Be Biopharma has announced the closing of a $92 million Series C financing round, which will propel the clinical development of its B cell medicines (BCMs) BE-101 for hemophilia B and BE-102 for hypophosphatasia (HPP). The financing round saw participation from new investor Nextech, alongside existing investors including ARCH Venture Partners, Atlas Venture, RA Capital Management, Alta Partners, Longwood Fund, Bristol Myers Squibb, and Takeda Ventures.
Advancing Clinical Programs
The proceeds from the Series C financing will be used to generate clinical proof-of-concept for BE-101 in the ongoing BeCoMe-9 Phase 1/2 clinical trial (NCT06611436) for individuals with hemophilia B. Additionally, the funding will support the advancement of BE-102 into clinical testing for the treatment of hypophosphatasia. Both programs are built on Be Bio’s BCM product platform, which aims to create durable, titratable, and redosable therapeutics without the need for preconditioning, producing sustained and constant levels of therapeutic proteins.
BE-101 for Hemophilia B
BE-101 is a first-in-class BCM engineered to insert the human Factor IX (FIX) gene into primary human B cells, allowing for continuous expression of active FIX for the treatment of hemophilia B. The potential to maintain therapeutic FIX activity levels while reducing dosing frequency associated with current FIX replacement regimens could address the considerable infusion burden associated with current therapies and potentially drive reductions in annualized bleeding rates and FIX usage. The U.S. Food and Drug Administration (FDA) cleared the BE-101 IND in May 2024 and granted Fast Track designation in September 2024.
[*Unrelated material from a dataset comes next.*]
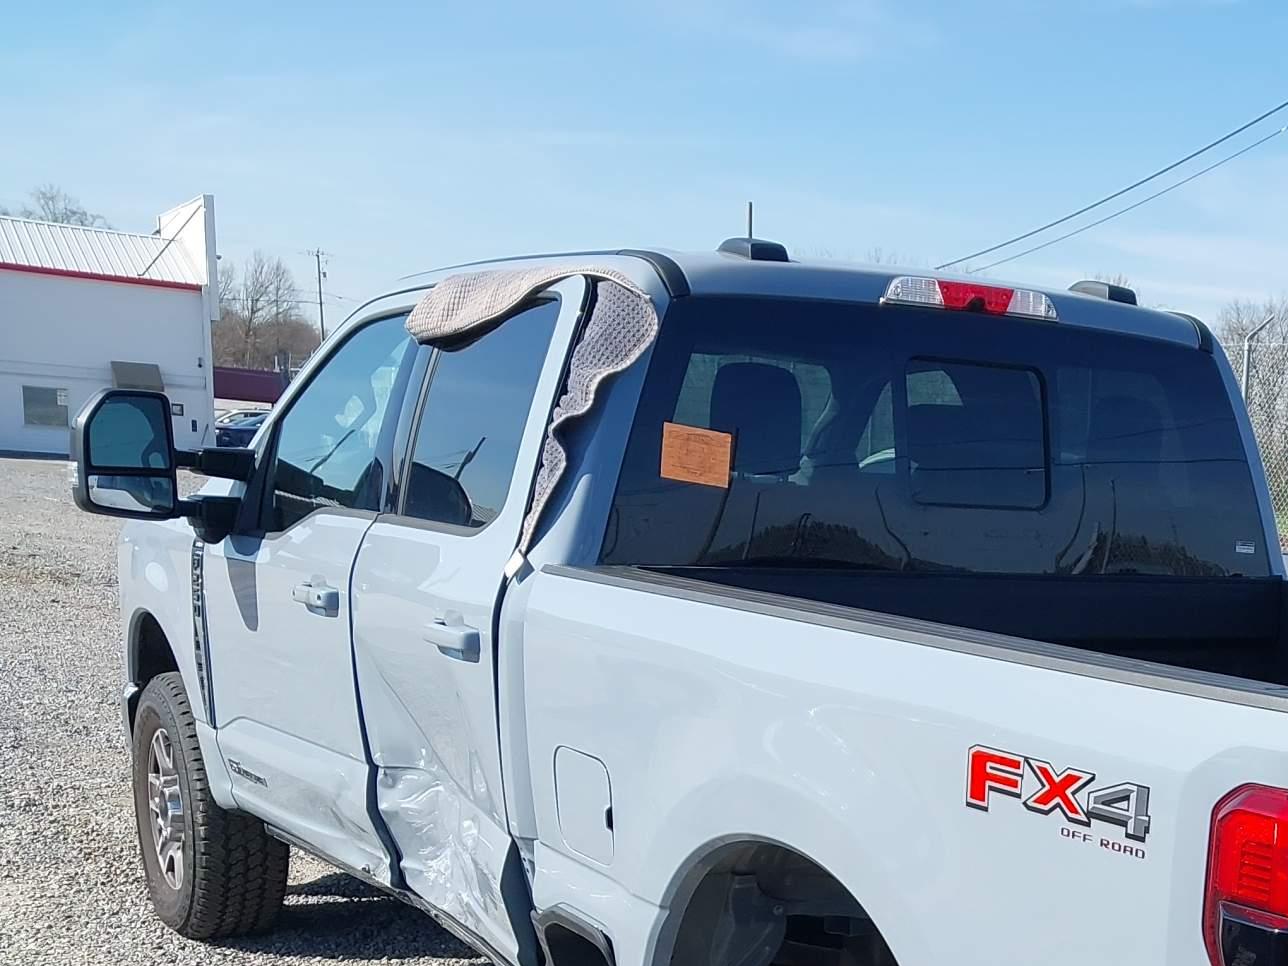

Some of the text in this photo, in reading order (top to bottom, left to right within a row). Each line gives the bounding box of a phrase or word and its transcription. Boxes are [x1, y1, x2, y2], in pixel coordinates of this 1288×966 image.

[966, 744, 1151, 843] FX4
[1060, 827, 1146, 860] OFF ROAD
BE-102 for Hypophosphatasia
BE-102 is a first-in-class BCM engineered using artificial intelligence-guided protein design to modify primary human B cells to produce ALP, an enzyme deficient in people living with HPP. A single infusion of BE-102 has the potential to express sustained therapeutic ALP with the flexibility to be titrated and/or re-dosed, if needed, and without the need for pre-conditioning. BE-102 has been selected as a Development Candidate and has the potential to transform the standard of care for people living with HPP.
Leadership Perspective
"With this funding in hand, we are well-equipped to advance our two lead programs and solidify our position as a multi-program, clinical-stage company," said Joanne Smith-Farrell, Ph.D., Chief Executive Officer of Be Bio. "We are on track to demonstrate clinical proof-of-concept for BE-101 in Hemophilia B this year. Additionally, BE-102 is poised to enter the clinic next year, potentially demonstrating BCMs’ potential to become a new gold standard in enzyme replacement by providing hypophosphatasia patients with a transformative new option."